She remembered the need to cry at seeing someone in the process of dying. Not someone dying of natural causes, tucked up in bed with family lovingly attending. This was someone she knew. He wasn't the nasty cruel Professor then. He was just a man, mortally wounded, writhing in pain, bleeding from a gaping tear in his throat, dying. It had been sickening and she had felt the crush of empathy for him.

The drafty old shack was a lonely place to die, she thought. The smell of death was thick in the air. A metallic nauseating smell of blood that, together with seeing the spilling of it, made her insides wretch. The entire grounds of Hogwarts had that smell and the look too, as it would following a fearsome and terrible battle.

Hermione became aware of a third element. The ghostly silent aftermath. A haunting stillness as if she had suddenly gone deaf at it all, too many agonizing screams to bear any longer. The dead lay everywhere.

Harry's raised voice broke her stupor,

"B-but he was there...dead. I saw him die. He was dead, I know it. We all saw him! There, the blood! His blood! So much blood...."

Harry's voice trailed off.

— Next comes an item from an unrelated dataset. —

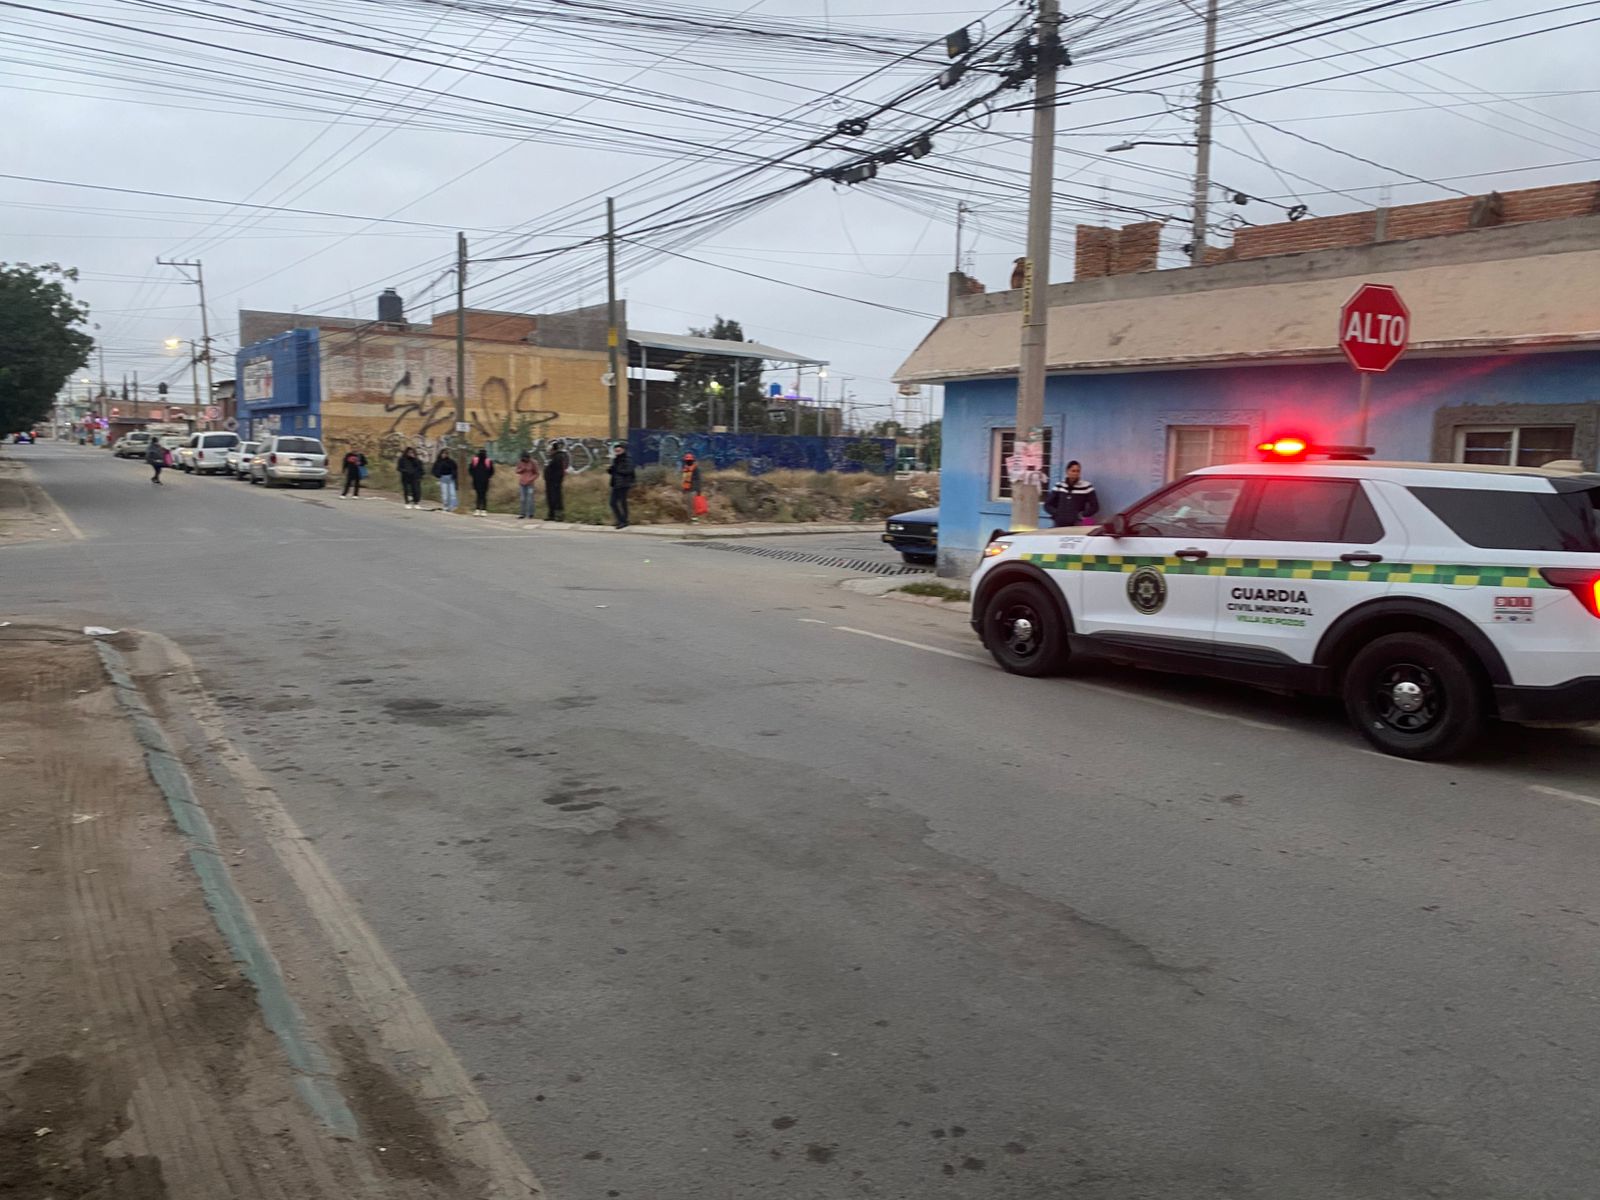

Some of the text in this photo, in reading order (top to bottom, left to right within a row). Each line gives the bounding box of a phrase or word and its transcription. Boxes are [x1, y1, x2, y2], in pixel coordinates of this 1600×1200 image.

The shock of a very long day had gripped hold of him. It had gripped hold of everyone. Harry in particular. His hands still had Snape's blood stuck to them, a consequence of trying to mitigate the bleeding torrent at the dying man's neck.

If anyone had looked into the young hero's eyes at that moment one would likely see Voldemort as Harry had seen him last. Or through his glassy gaze a dying Snape, blood gushing from his throat. Then there was the foray into whatever that whole Harry dying thing was with Dumbledore and King's Cross Station.

Minerva placed her hand on Harry's shoulder interrupting his absent stare. Her own heart ached for what he had been through. For what Severus had been through. The heartbreak for all the brave innocents that had to fight, die at so young an age. A heartbreak that threatened to tear her apart.

The older witch stifled her grief. There would be time for that later, once alone in her quarters...afterwards. She was still needed as a tower of strength. She reckoned whatever had happened to Severus' body likely was not good. If the Death-Eaters got to him she didn't want to imagine the unspeakable horrors those fiends would put to the poor man's remains.

"Come, Harry, you've done enough."

Hermione turned to look back at the large red wet stain seeping into the old weathered planks. As she followed Harry and Minerva out of the Shrieking Shack she rubbed her arms at the sudden chill in the air. The atmospheric oddity caused her to shiver. Her mind raced with the thought of what depravities might have occurred after they had left Professor Snape for dead. She shook her head, not wanting to see such thoughts.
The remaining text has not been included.